Anne-Marie Brady, professor at the School of Social and Political Sciences at the University of Canterbury in the New Zealand city of Christchurch, specializes in China, and has since 2008 been researching Chinese interests in the polar regions. Some time ago she saw on a Chinese website a map of Antarctica’s mineral resources. After she revealed her find, the map was swiftly removed.

She will in October be delivering a lecture on the subject of “China as Polar Great Power”, which is also the title of her forthcoming book. She says Chinese literature is “very, very clear about China’s interests in Antarctic minerals”. And everyone else’s.

Reading Jack Lifton’s incisive summation of the global rare earth situation posted on InvestorIntel yesterday, and the West’s continuing weakness in that sector, it occurred to me that this is part of a much wider problem.

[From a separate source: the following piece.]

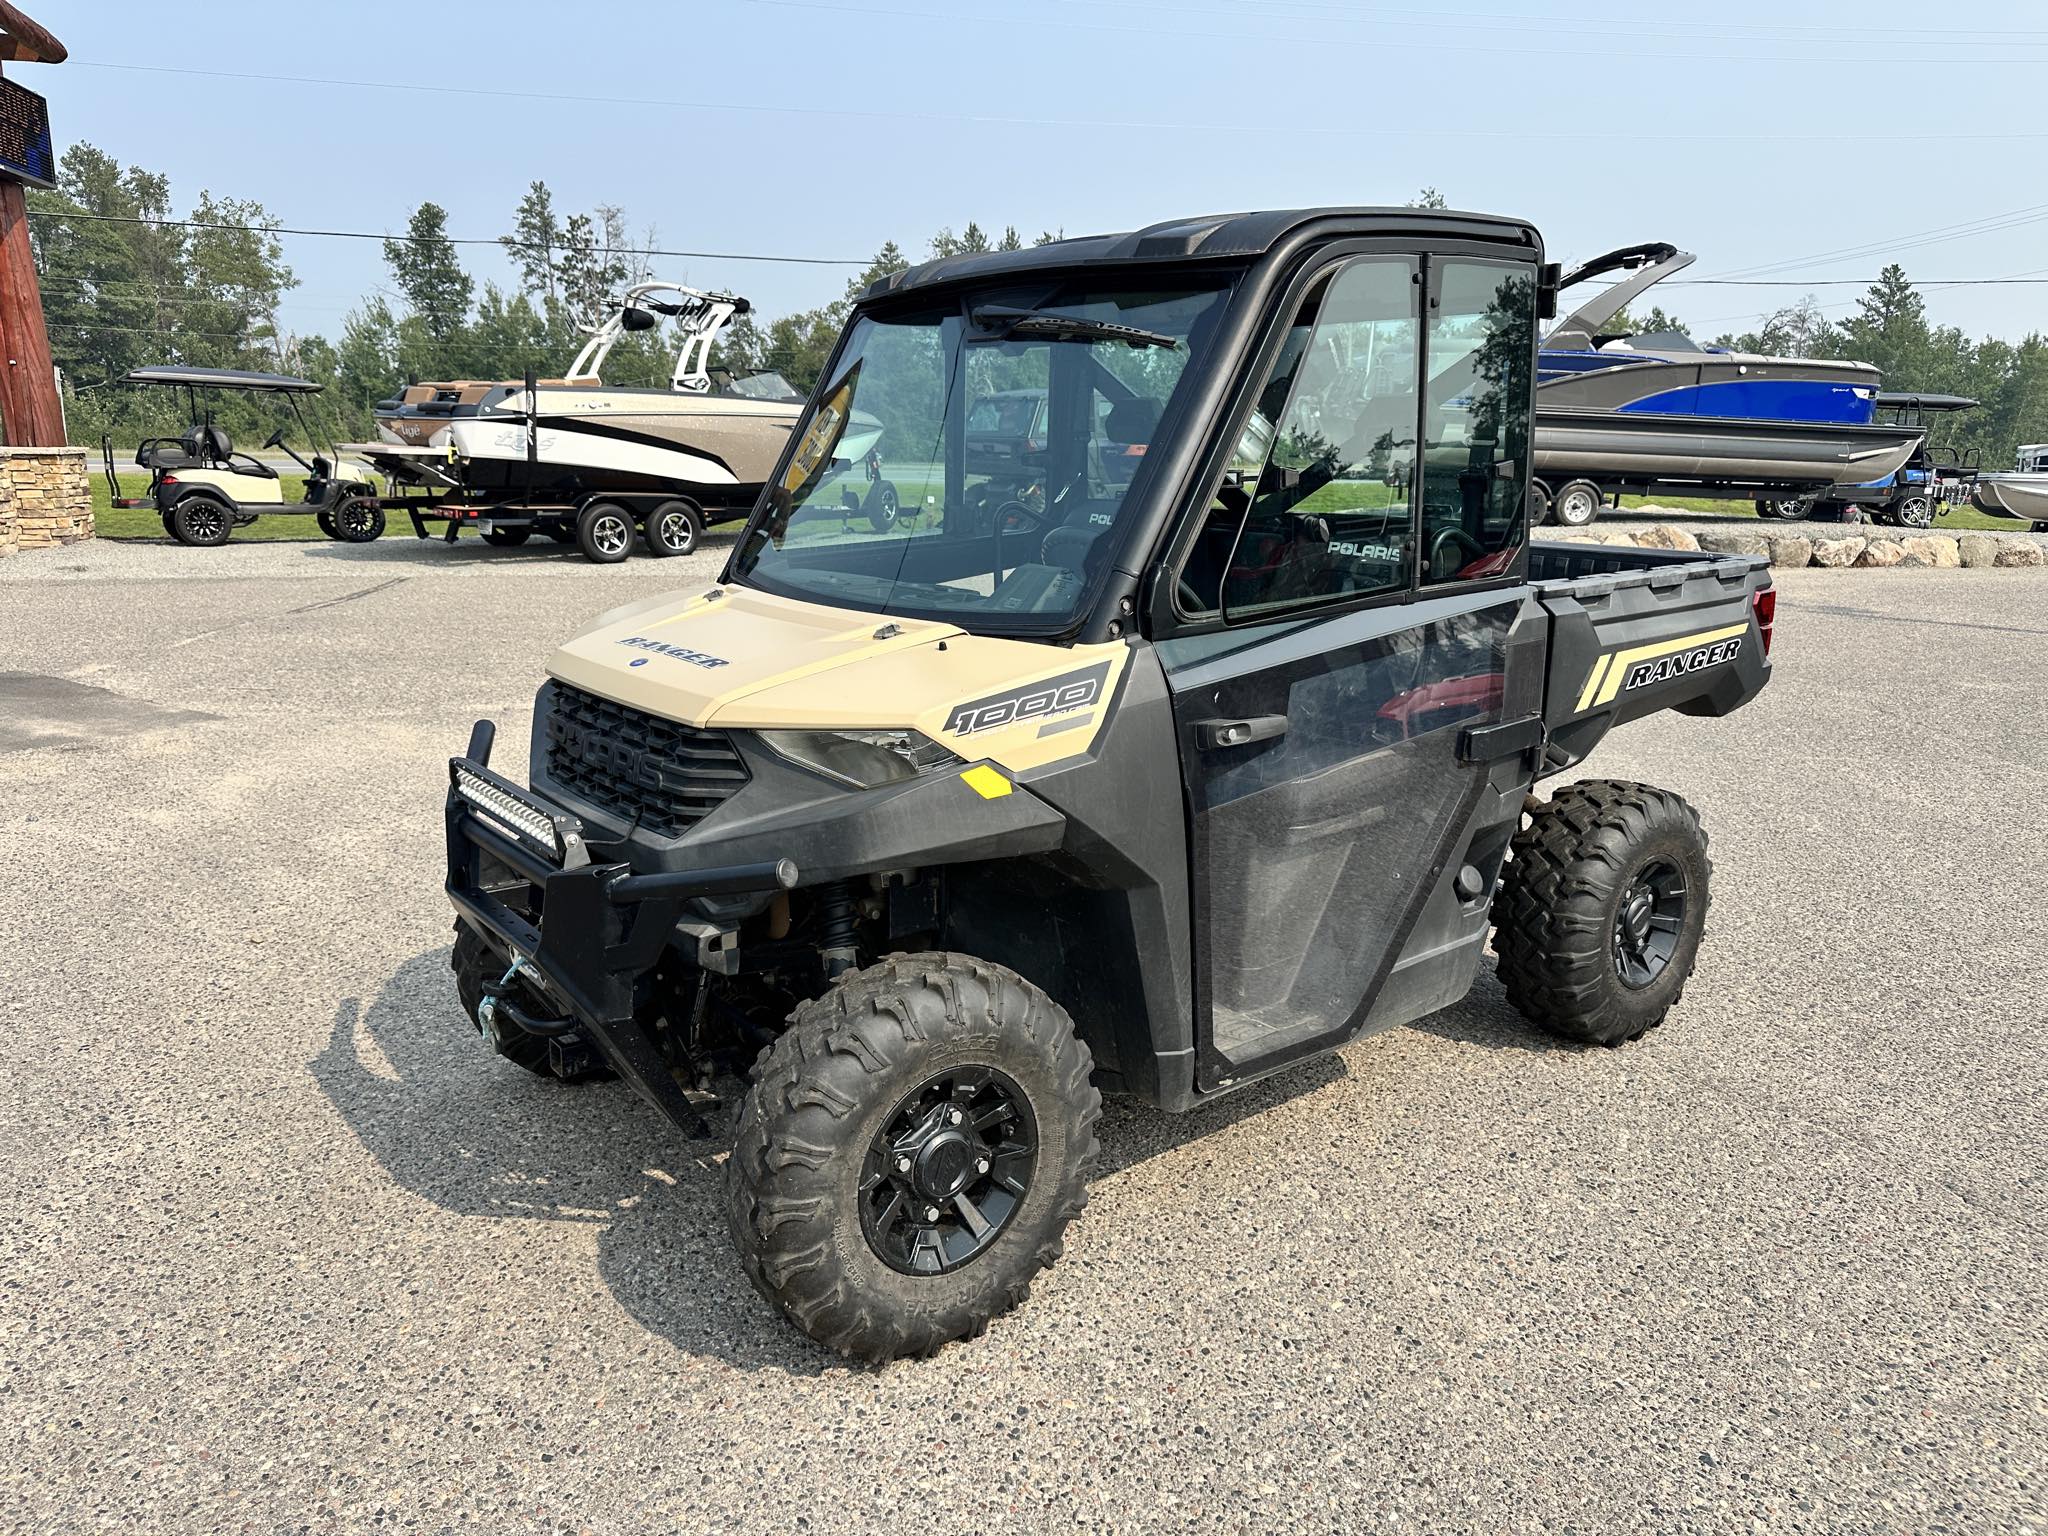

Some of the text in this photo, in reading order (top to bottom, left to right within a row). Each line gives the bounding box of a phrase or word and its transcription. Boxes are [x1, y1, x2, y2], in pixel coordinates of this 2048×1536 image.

As Jack wrote, the strategy being followed by Chinalco involves a concerted, well-planned consolidation of Chinese interests.

And he added: “While American, European, Brazilian, South African, and Australian rare earth producers and juniors squabble with each other and promote their share prices as their only hope of raising new capital in a market dominated by China’s use … of the majority of the world’s rare earths as well as the majority of all metals, Chinalco is methodically planning to diversify its sources of raw materials and to seek out technology sales or purchases to improve its efficiencies.”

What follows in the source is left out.